Il faut dire qu’Ebola a de quoi alimenter les pires craintes: pas de traitement, pas de vaccin – même si un traitement expérimental doit être testé aux Etats-Unis en septembre –, un taux de mortalité qui peut atteindre les 90%, une incubation longue, des premiers symptômes peu spécifiques. «Les films catastrophe qui mettent en scène Ebola ou des virus qui lui ressemblent ont beaucoup contribué au mythe qui entoure ce virus, explique Antoine Gauge. Ebola est dangereux, c’est vrai, mais quand ils sont pris en charge tôt, un certain nombre de patients guérissent. C’est important à souligner, car sans cela, les gens ne comprennent pas l’intérêt de venir à l’hôpital.»
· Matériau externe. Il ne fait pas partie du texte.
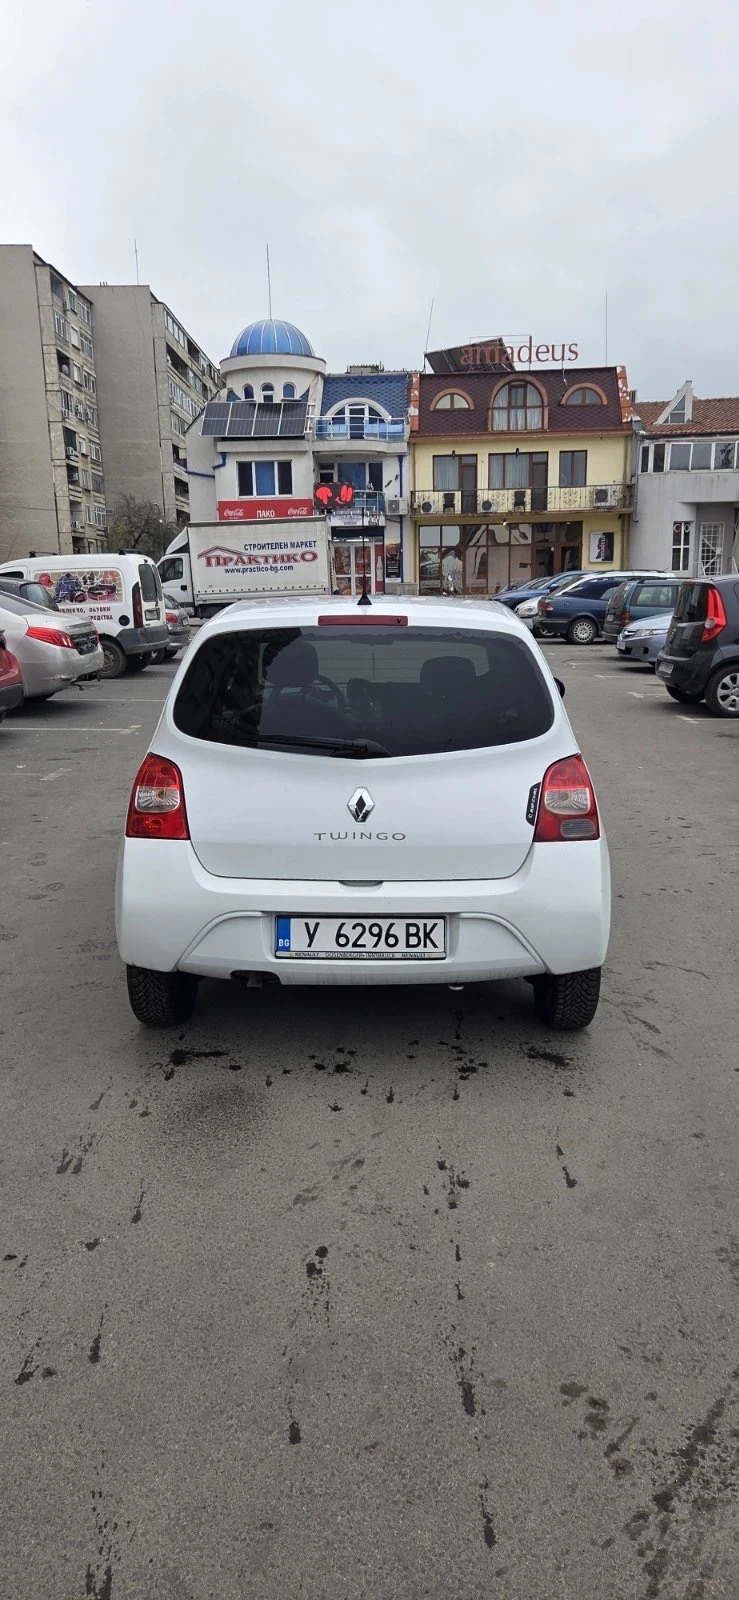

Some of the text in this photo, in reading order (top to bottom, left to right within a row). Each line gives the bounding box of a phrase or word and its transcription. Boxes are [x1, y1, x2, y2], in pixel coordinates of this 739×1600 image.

[460, 335, 579, 366] amadeus
[224, 508, 244, 517] Coca-Cola
[256, 510, 275, 518] ПАКО
[287, 507, 308, 516] Coca-Cola
[243, 540, 317, 551] СТРОИТЕЛЕН МАРКЕТ
[224, 564, 294, 575] www.practico-bg.com
[313, 831, 406, 841] TWINGO
[334, 922, 399, 948] 6296
[278, 939, 290, 948] BG
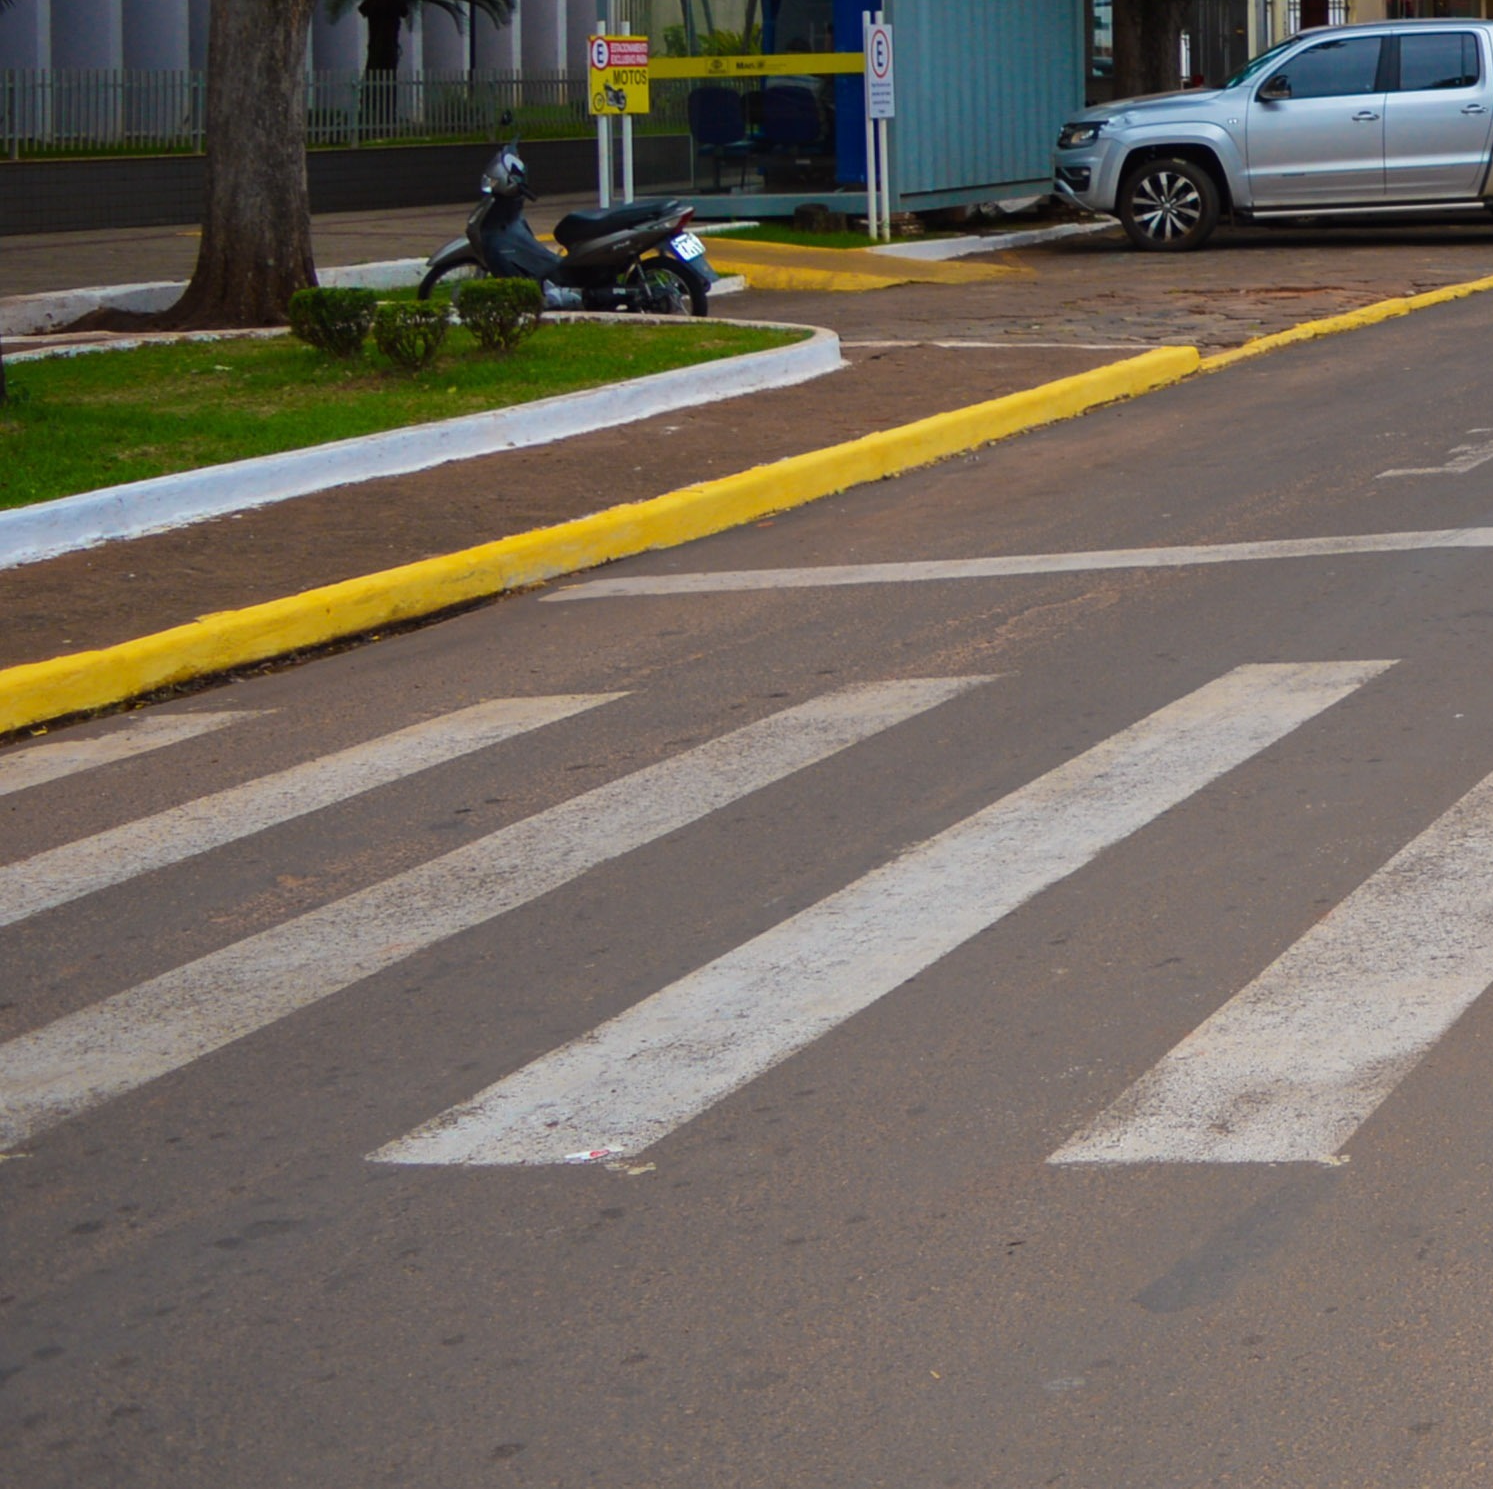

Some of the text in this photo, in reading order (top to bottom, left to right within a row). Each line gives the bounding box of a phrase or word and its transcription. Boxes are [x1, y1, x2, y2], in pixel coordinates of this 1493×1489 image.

Les soins sont simples: antidouleurs, réhydratation et alimentation correcte. Traiter les symptômes et assurer un état général le meilleur possible pour que le système immunitaire puisse lutter contre le virus. «Ebola n’est pas une maladie suffisamment fréquente pour qu’il y ait beaucoup de recherche faite sur le virus, explique Sylvain Baize, responsable du Centre national français de référence des fièvres hémorragiques à Lyon. On ne sait donc pas pourquoi certains patients guérissent et d’autres pas.»

Si les symptômes sont terriblement violents, le virus ne se transmet pas facilement. «La contamination ne peut avoir lieu que si l’on entre en contact avec les fluides corporels d’une personne contagieuse», rappelle Sylvain Baize. Interviewé par l’AFP, le professeur belge Peter Piot, co-découvreur du virus Ebola en 1976, déclarait mercredi: «Je ne serais pas inquiet d’être assis dans le métro à côté d’une personne porteuse du virus Ebola tant qu’elle ne vous vomit pas dessus ou quelque chose de ce genre!»

Ces propos, censés être rassurants, pourraient ne pas suffire à endiguer l’inquiétude qui enfle au fur et à mesure que les Etats africains prennent des mesures d’urgence pour limiter la propagation du virus. Vendredi, les trois pays touchés par Ebola ont décidé de mettre en place un cordon sanitaire autour de l’épicentre de l’épidémie, situé à leur frontière commune. Le Sierra Leone, le Liberia et la Guinée veulent isoler, par la police et l’armée, les régions frontalières qui comptent pour plus de 70 % de l’épidémie.

Ces mesures nourrissent aussi les fantasmes sur le risque d’apparition du virus à nos frontières. «Il est compréhensible que tout cela inquiète en Europe, mais il n’y a pas de potentiel pandémique, rappelle Antoine Gauge. Bien sûr qu’il est toujours possible qu’un passager infecté débarque en Europe. Mais les médecins sont aujourd’hui sensibilisés et les hôpitaux occidentaux sont tout à fait capables de prendre en charge ce type de patients. Les contaminations secondaires ne seraient pas possibles et le virus ne pourrait pas se propager comme il l’a fait en Afrique.» Pendant que le monde s’inquiète, l’Afrique compte ses morts: 730, selon le dernier bilan.